*What is required*
Please copy all of the data that follows exactly, leaving any pictures out.

··· Supplied records ···

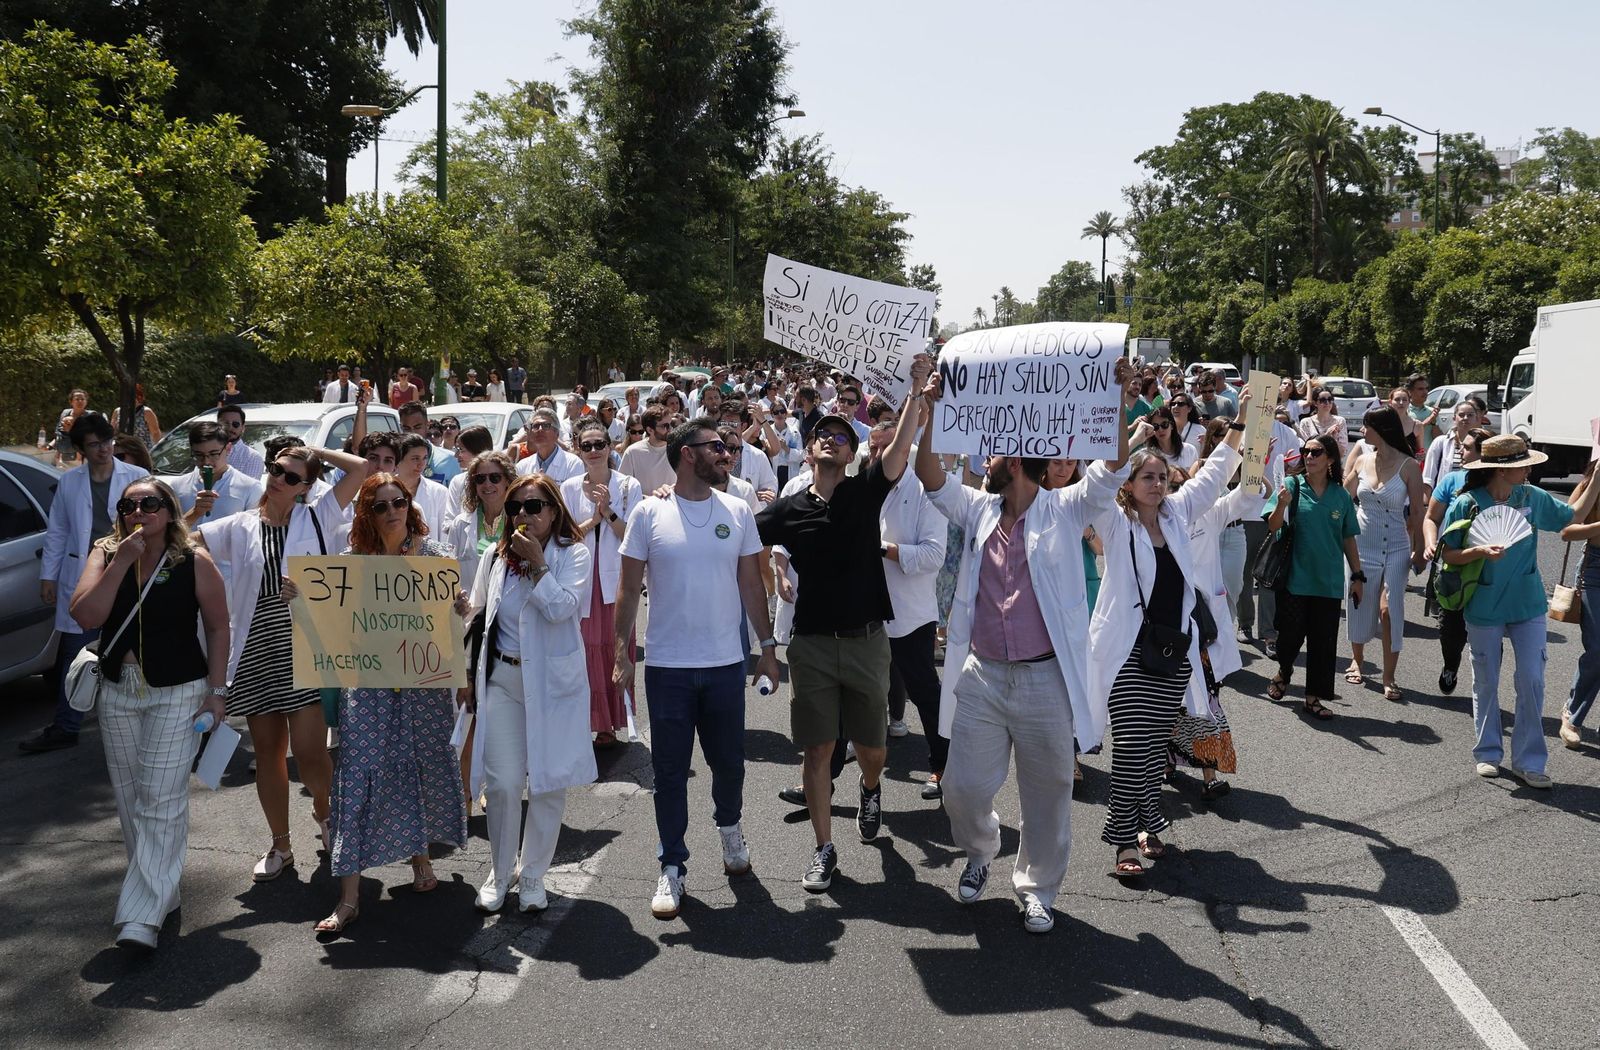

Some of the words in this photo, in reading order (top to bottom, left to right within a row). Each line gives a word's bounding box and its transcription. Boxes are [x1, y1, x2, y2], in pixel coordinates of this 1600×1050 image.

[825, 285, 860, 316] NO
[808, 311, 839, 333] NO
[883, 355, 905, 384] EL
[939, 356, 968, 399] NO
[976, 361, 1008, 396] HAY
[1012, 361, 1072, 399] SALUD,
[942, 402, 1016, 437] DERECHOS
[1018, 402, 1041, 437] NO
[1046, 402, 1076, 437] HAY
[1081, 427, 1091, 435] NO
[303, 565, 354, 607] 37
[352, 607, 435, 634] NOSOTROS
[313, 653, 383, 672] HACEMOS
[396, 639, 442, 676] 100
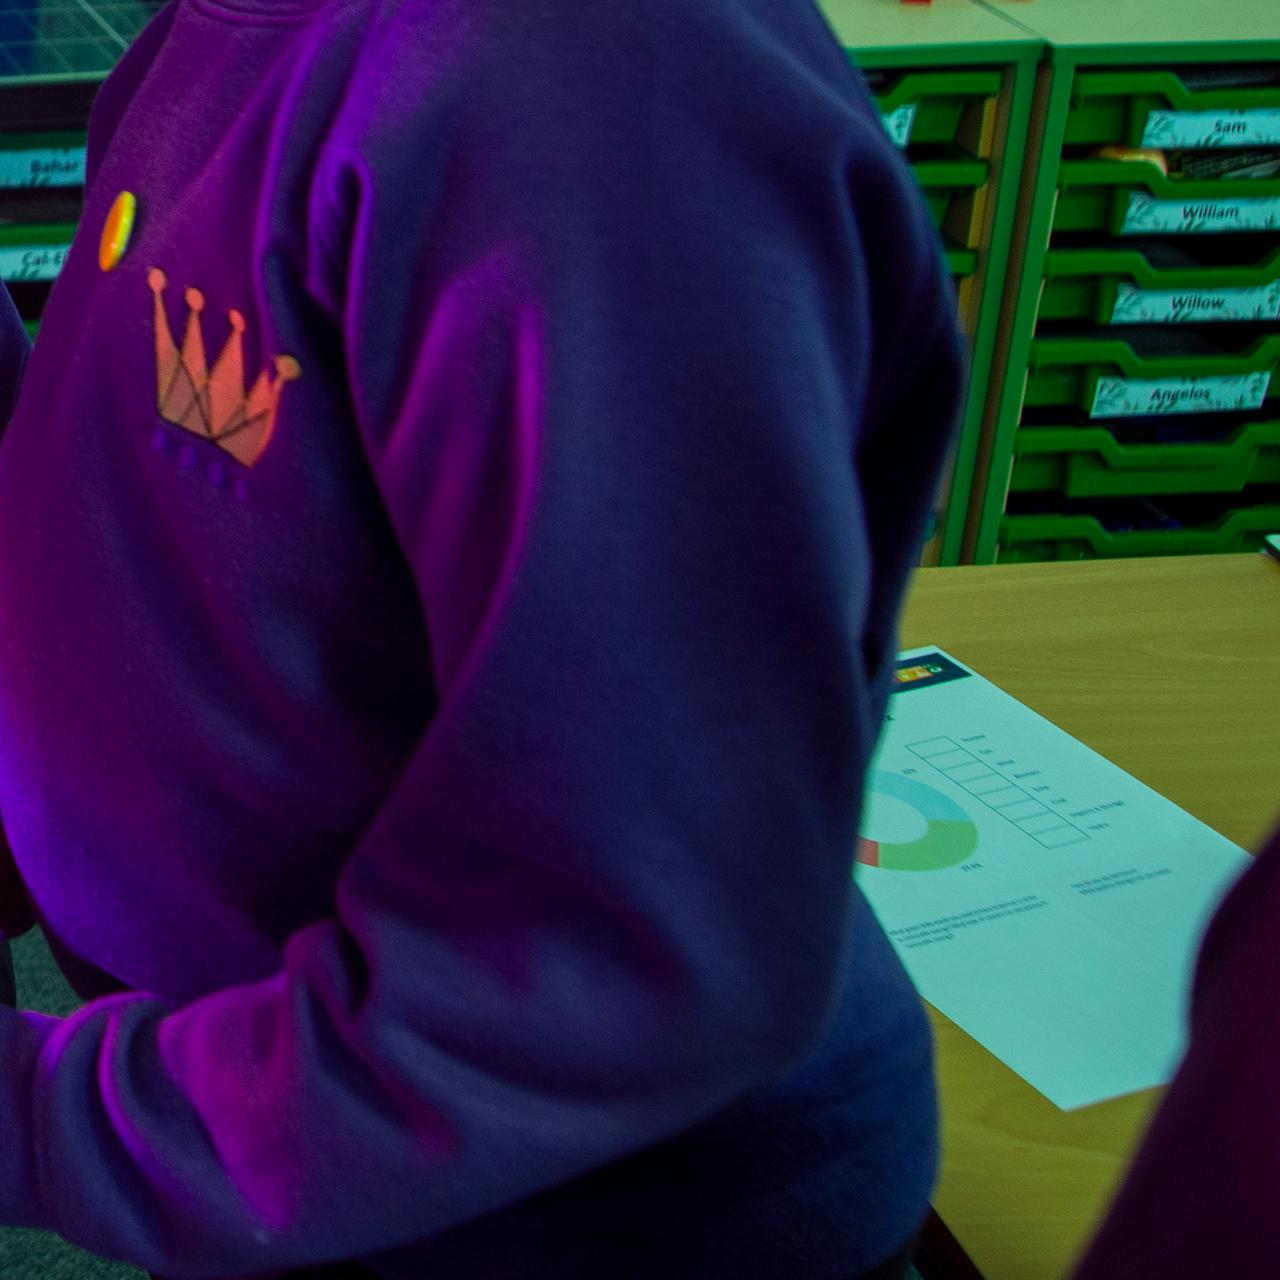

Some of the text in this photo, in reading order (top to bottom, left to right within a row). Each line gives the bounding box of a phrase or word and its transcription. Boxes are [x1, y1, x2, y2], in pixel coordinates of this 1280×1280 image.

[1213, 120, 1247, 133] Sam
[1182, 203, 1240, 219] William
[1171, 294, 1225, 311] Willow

···

*Solution for this task*
Some of the words in this photo, in reading order (top to bottom, left to right within a row). Each line gives a word's bounding box and its transcription. Boxes are [x1, y1, x2, y2], in pixel coordinates of this 1600×1050 image.

[825, 285, 860, 316] NO
[808, 311, 839, 333] NO
[883, 355, 905, 384] EL
[939, 356, 968, 399] NO
[976, 361, 1008, 396] HAY
[1012, 361, 1072, 399] SALUD,
[942, 402, 1016, 437] DERECHOS
[1018, 402, 1041, 437] NO
[1046, 402, 1076, 437] HAY
[1081, 427, 1091, 435] NO
[303, 565, 354, 607] 37
[352, 607, 435, 634] NOSOTROS
[313, 653, 383, 672] HACEMOS
[396, 639, 442, 676] 100

Some of the text in this photo, in reading order (top to bottom, left to right within a row). Each line gives the bounding box of a phrase or word and its transcription. Boxes are [x1, y1, x2, y2], in pixel coordinates of this 1280×1280 image.

[1213, 120, 1247, 133] Sam
[1182, 203, 1240, 219] William
[1171, 294, 1225, 311] Willow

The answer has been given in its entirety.